Nunca lo mencioné, sabía que él se enfadaría muchísimo y a mí me desagradan los disgustos gratuitos, pero hubo un momento en que me pareció que todo eso había terminado para mí. No sé en qué momento perdí la fe en la Iglesia. Pero no me cabe duda de que pasó. Todo lo que antaño me parecía razonable y hasta factible, dejó de parecérmelo; es más, comenzó a mostrárseme como un gran absurdo, cuentos de viejas, opio del pueblo. No estaba dispuesta a aceptar las cosas simplemente porque alguien de Roma lo dijera y aquello que hasta entonces me había servido de guía se derrumbó.

La ciencia que profeso y los conocimientos acumulados me enseñan cómo funciona la vida, cuáles son sus resortes, sus características, su anatomía, pero nada me dicen de cómo he de vivirla ni para qué y yo necesitaba urgentemente una respuesta. Todas mis experiencias pasadas resultaban irrelevantes en aquel momento. Hacía tiempo que venía dándome cuenta del paso del tiempo. No habían sido las arrugas, aunque evidentemente habían desempeñado un papel. Era algo mucho más profundo, era el regusto del miedo a la cuesta abajo, a más miedos. La religión no me daba más respuesta que el cielo. Todo empieza y acaba en el cielo. Pero ¿qué encontraremos allí? Y ¿dónde es allí?

—Jaime, ¿qué crees que hay después, si es que hay algo? —me decidí a preguntar un día.

Estábamos solos, habíamos apagado todas las luces. La chimenea, encendida con un enorme fuego de leña, lanzaba espectrales sombras sobre nosotros.

—El cielo, naturalmente —me contestó.

—¿Y eso qué es?

—Por Dios, Lolilla, ¿es que no has estudiado el catecismo?

—Ahora no hablo de libros de salmos, Jaime, sino de la realidad. Nadie ha vuelto para contárnoslo…

—¡Ni falta que hace! Cuando terminamos aquí, empezamos allá. Y al pasar, seguimos siendo lo que somos, pero mejores.

—¿Y tú cómo lo sabes?

—Y eso, ¿qué más da? Lo sé. Lo sé de la misma manera que sabía que no era posible clonar hombres, pese a lo que dijera la revista Nature. La naturaleza está demasiado bien construida para no tener detrás una imaginación supina y una belleza infinita. No creo que quien haya diseñado todo esto sea un malvado, por eso digo que nos espera una vida buena después. No te preocupes…

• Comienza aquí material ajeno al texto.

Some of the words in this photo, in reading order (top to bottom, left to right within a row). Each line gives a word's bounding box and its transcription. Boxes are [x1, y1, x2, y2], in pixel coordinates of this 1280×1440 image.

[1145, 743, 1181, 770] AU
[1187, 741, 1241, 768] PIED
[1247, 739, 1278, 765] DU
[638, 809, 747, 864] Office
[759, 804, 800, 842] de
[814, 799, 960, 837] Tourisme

Le miré enfadada, ¿cómo podía razonar así?

—Jaime, ¿eres consciente de que envejecemos?

—Por supuesto, pierdo pelo, elasticidad de los músculos y memoria. Un día, cuando me despierte, seré viejo del todo.

—¿Y no te preocupa? Lo mejor ya ha pasado, lo que resta es caída libre, rumbo al infierno. Bueno, o al cielo —dije en su honor.

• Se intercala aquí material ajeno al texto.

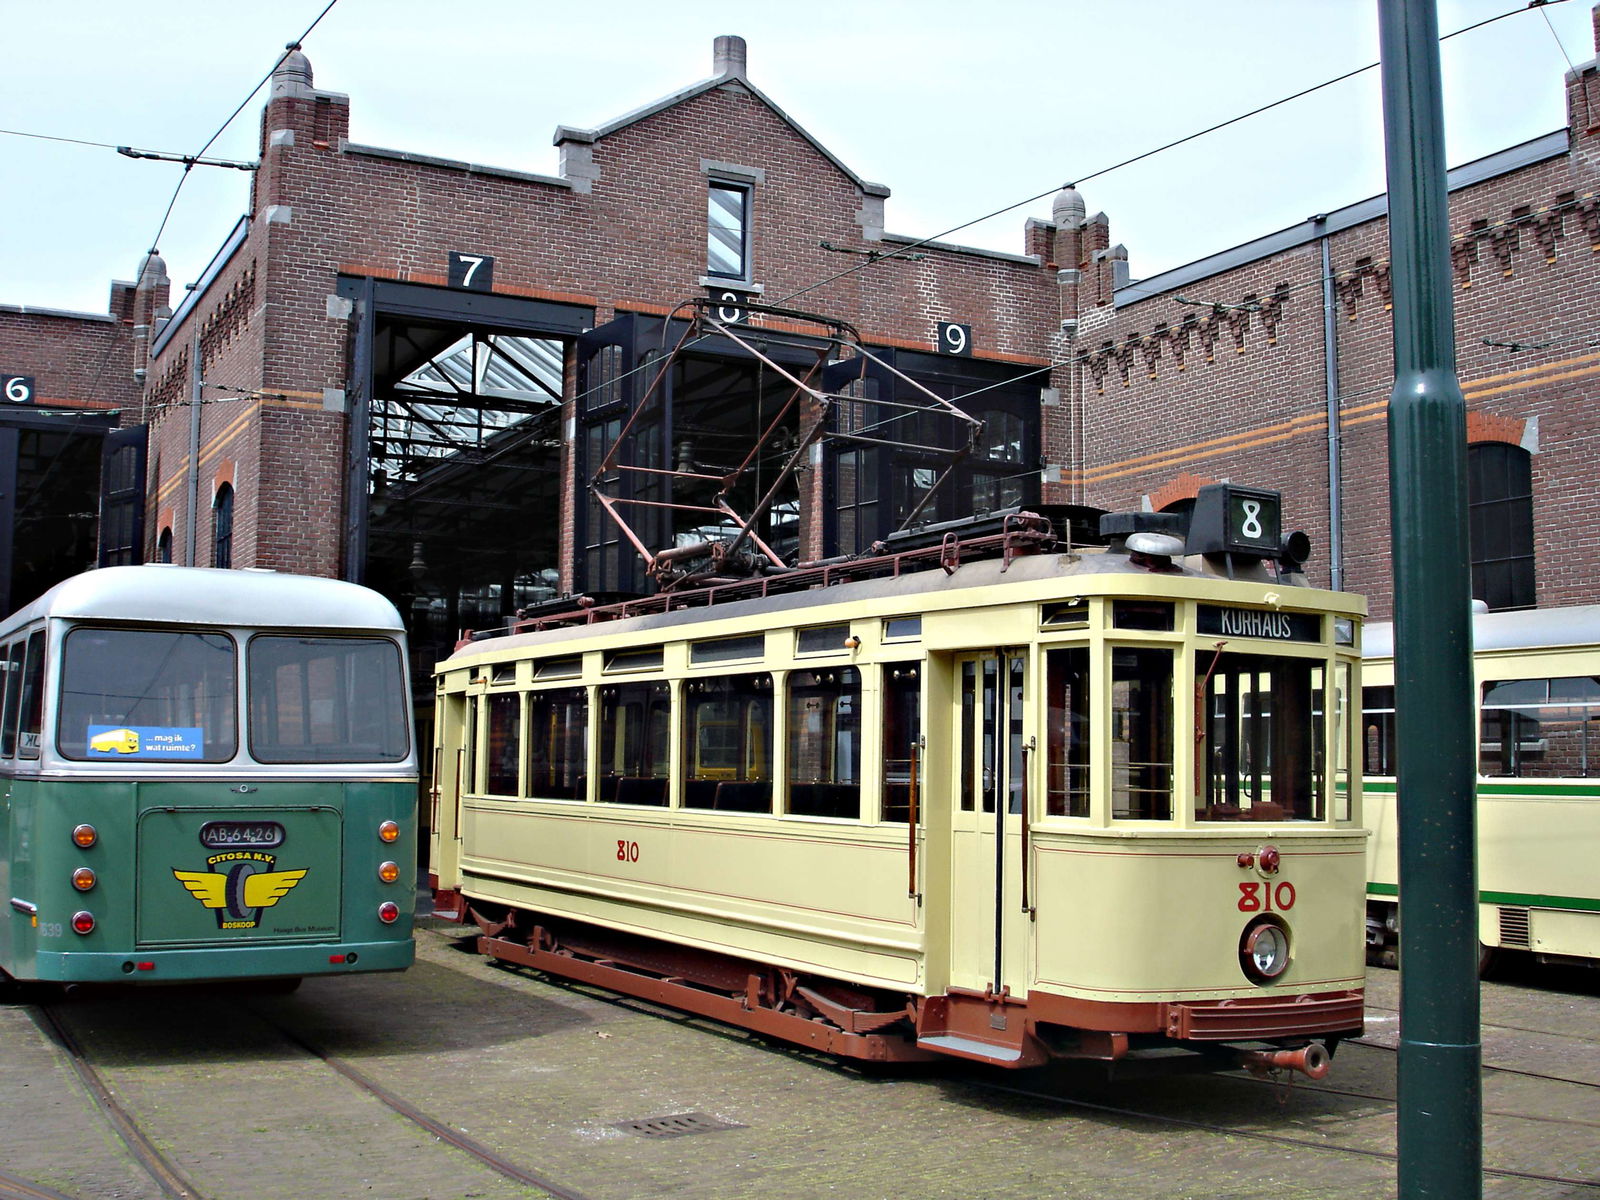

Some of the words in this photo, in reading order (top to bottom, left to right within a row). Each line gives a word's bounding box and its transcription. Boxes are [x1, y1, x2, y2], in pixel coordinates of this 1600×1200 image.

[459, 255, 484, 287] 7
[719, 292, 740, 323] 8
[946, 324, 966, 354] 9
[6, 377, 29, 402] 6
[1242, 500, 1262, 539] 8
[1221, 609, 1291, 638] KURHAUS
[145, 744, 162, 752] wat
[162, 744, 196, 752] ruimte?
[154, 735, 173, 744] mag
[174, 734, 183, 742] ik
[208, 852, 252, 864] CITOSA
[253, 852, 275, 864] N.V.
[617, 840, 639, 863] 810
[1238, 881, 1296, 912] 810
[222, 921, 256, 929] BOSKOOP

—Eso, al cielo, a recibir la recompensa de tantos afanes.

—¿Recompensa? ¿Por qué esperas obtener recompensa? ¿Es que no trabajas porque te gusta? El sueldo es suficiente recompensa.

—Lolilla, creo que debes descansar. No piensas con objetividad.

—¡Objetividad! —chillé, dejándome llevar por mi mal carácter—. ¿Cómo puedes llamar objetividad a los ángeles y a los demonios?

—Los niños se creen sin pestañear que hay extraterrestres entre nosotros; los adultos, que la paz en el mundo es posible. ¿Eso te parece más objetivo? A mí me resulta más fácil creer en Dios. No me lo dicta la razón, ¡sería demasiado fácil!; lo siento, Lolilla, de la misma manera que siento cariño por ti. No se lo podría explicar a nadie, pero no por eso dudo que exista. ¿Sabes lo que te digo? Que te has equivocado de instrumento; no puedes abarcar a Dios con esa cabecita bilbaína, has de buscarlo dentro, no fuera.

Dejé la conversación, no nos llevaría a ninguna parte; con Jaime era inútil discutir sobre ese tema. Pero, sin desearlo, me veía obligaba a no abandonar mis dudas y quebraderos de cabeza.